Sen. Brown Pushing for USDA to Expand Flood Coverage

Written by on July 2, 2019

DAYTON, OH — Today, U.S. Sen. Sherrod Brown (D-OH) is urging the U.S. Department of Agriculture (USDA) to expand flooding coverage and flexibility for farmers after record rains have resulted in late plantings, unplanted acres, and uncertainty for farmers across Ohio.

In a letter sent to USDA Secretary Sonny Perdue, Brown urged the department to ensure the definition of “flooding,” covers excess moisture in farm fields after record rains in the Midwest.
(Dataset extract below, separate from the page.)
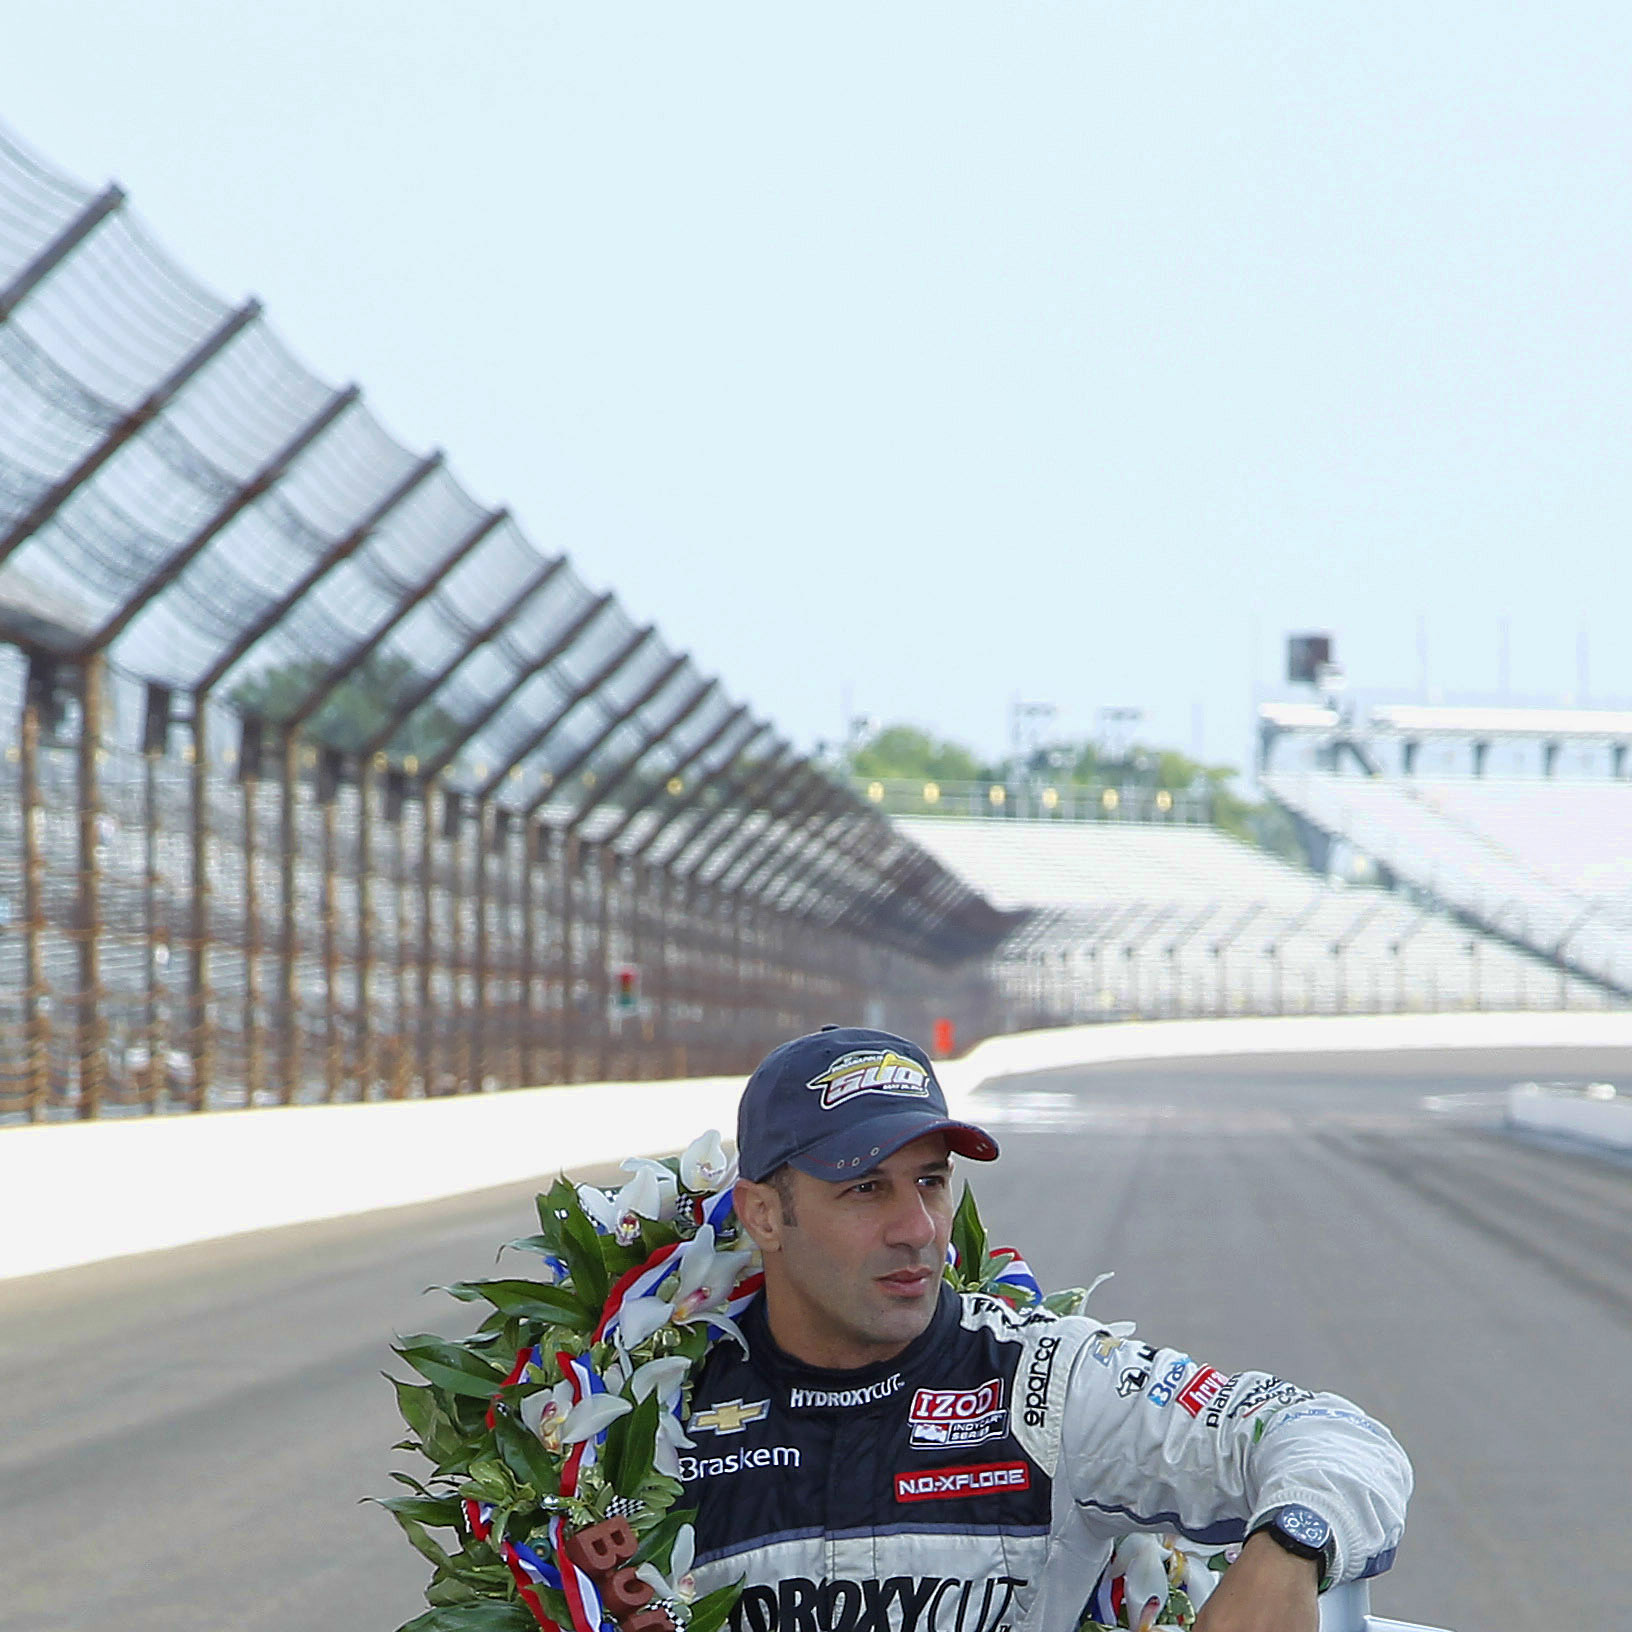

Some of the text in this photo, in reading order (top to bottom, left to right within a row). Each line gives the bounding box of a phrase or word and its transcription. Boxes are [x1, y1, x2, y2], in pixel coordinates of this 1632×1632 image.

[790, 1373, 902, 1408] HYDROXYCUT
[1023, 1336, 1062, 1428] sparco
[916, 1387, 993, 1417] IZOD
[678, 1446, 800, 1483] Braskem
Allowing flexibility in the definition will ensure Ohio farmers can access the disaster aid that is available to them through the Disaster Spending bill passed last month.
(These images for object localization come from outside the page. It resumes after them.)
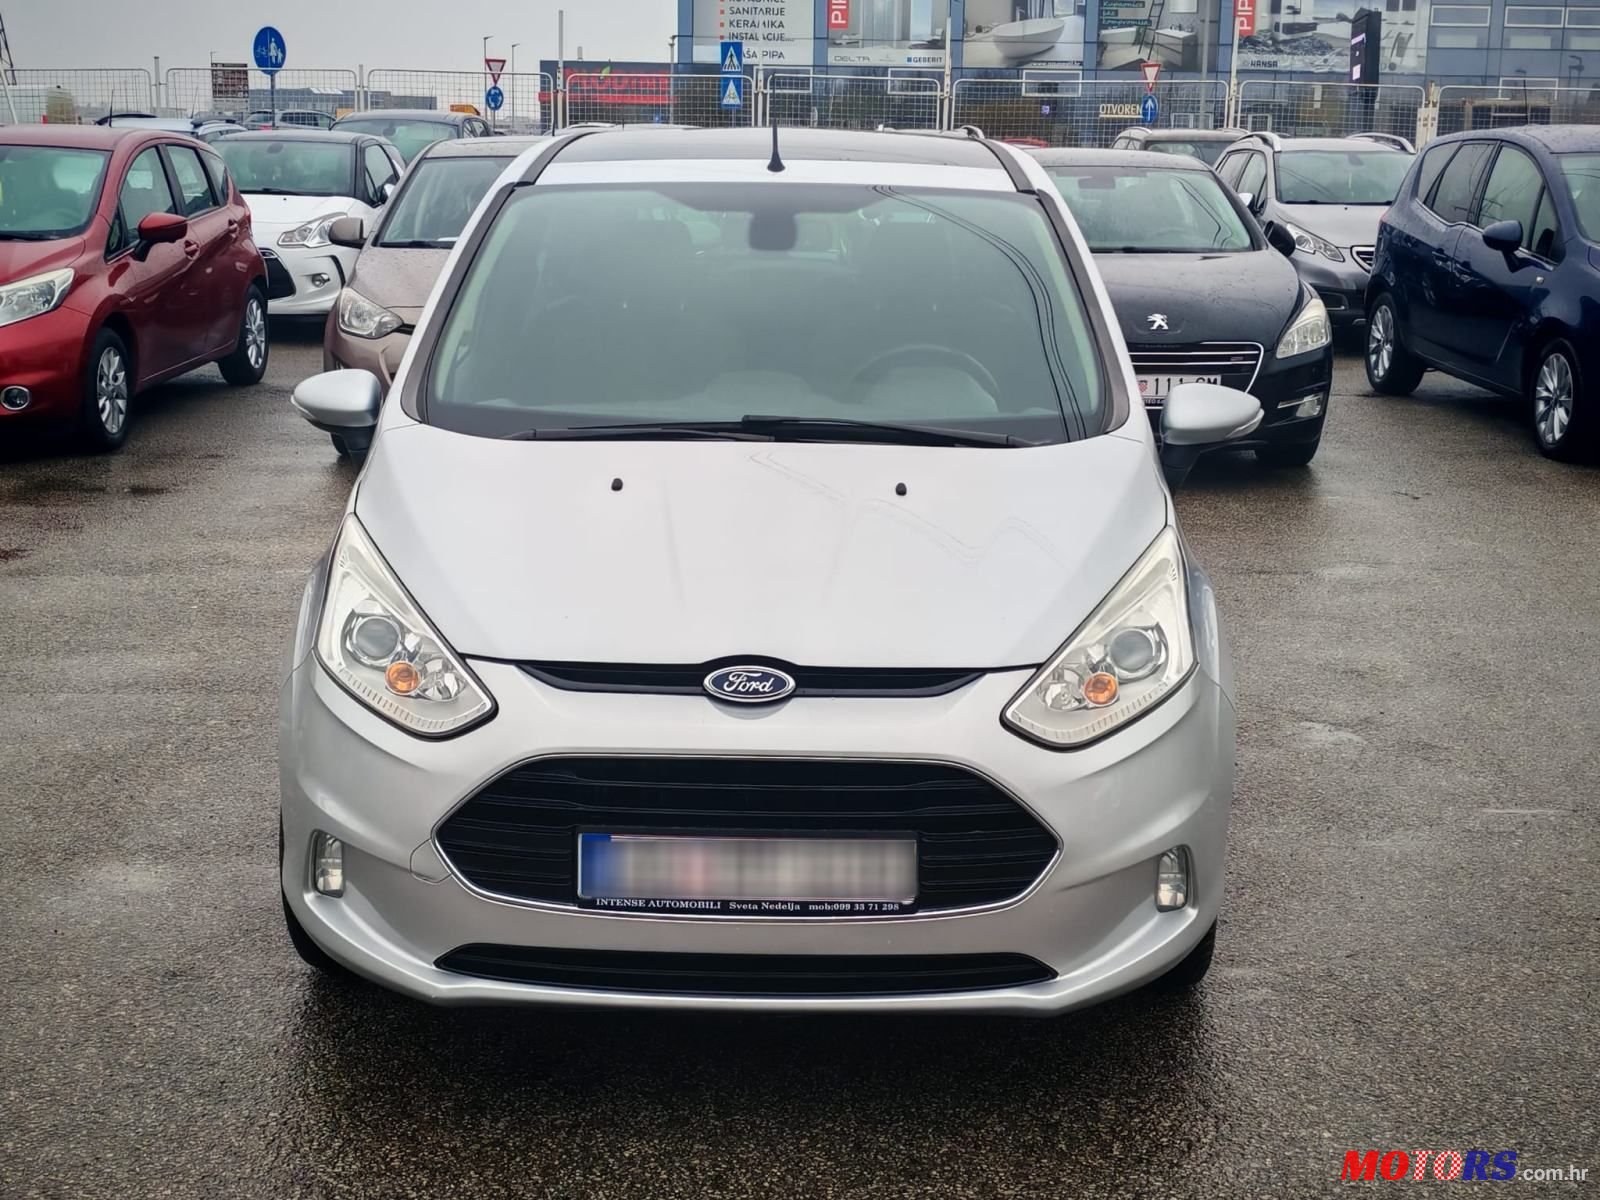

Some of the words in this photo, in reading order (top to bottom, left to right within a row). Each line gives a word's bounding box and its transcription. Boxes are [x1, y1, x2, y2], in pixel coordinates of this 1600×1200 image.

[729, 6, 786, 16] SANITARIJE
[729, 19, 785, 28] KERAMIKA
[913, 56, 943, 64] GEBERIT
[1099, 103, 1143, 115] OTVOREN
[723, 671, 774, 693] Ford
[596, 898, 646, 907] INTENSE
[648, 900, 721, 909] AUTOMOBILI
[729, 901, 758, 910] Sveta
[761, 902, 801, 911] Nedelja
[868, 903, 879, 911] 71
[882, 903, 900, 911] 298
Brown sent the letter after visiting a farm in Oak Harbor on Monday to hear from northwest Ohio farmers as they struggle with record rainfall and flooding that has led to delays in planting or decisions not to plant at all. According to the Ohio Farm Bureau, due to excessive rainfall, flooding, and oversaturated fields, this has been the worst planting season since it started tracking planting progress in the late 1970s.

“Record rains across Ohio this spring have resulted in late plantings, unplanted acres, and significant uncertainty for farmers across large parts of the state,” Brown wrote. “As such, I urge the U.S. Department of Agriculture (USDA) to use the agency’s congressionally-provided flexibility to ensure that Ohio farmers dealing with excessive moisture have all available USDA resources at their disposal.”

In June, Brown and Sen. Rob Portman (R-OH) urged U.S. Secretary of Agriculture Sonny Perdue to declare an USDA disaster designation to help Ohio farmers suffering because of extreme rainfall and flooding. With a USDA disaster declaration, Ohio farmers would receive the financial assistance they need as they continue to work through a difficult planting season.

According to the National Agricultural Statistics Service (NASS), as of July 1, 2019, only 91% of Ohio’s corn and 81% of Ohio’s soybeans have been planted, compared to this time last year when 100% of Ohio’s corn and soybean crops were planted.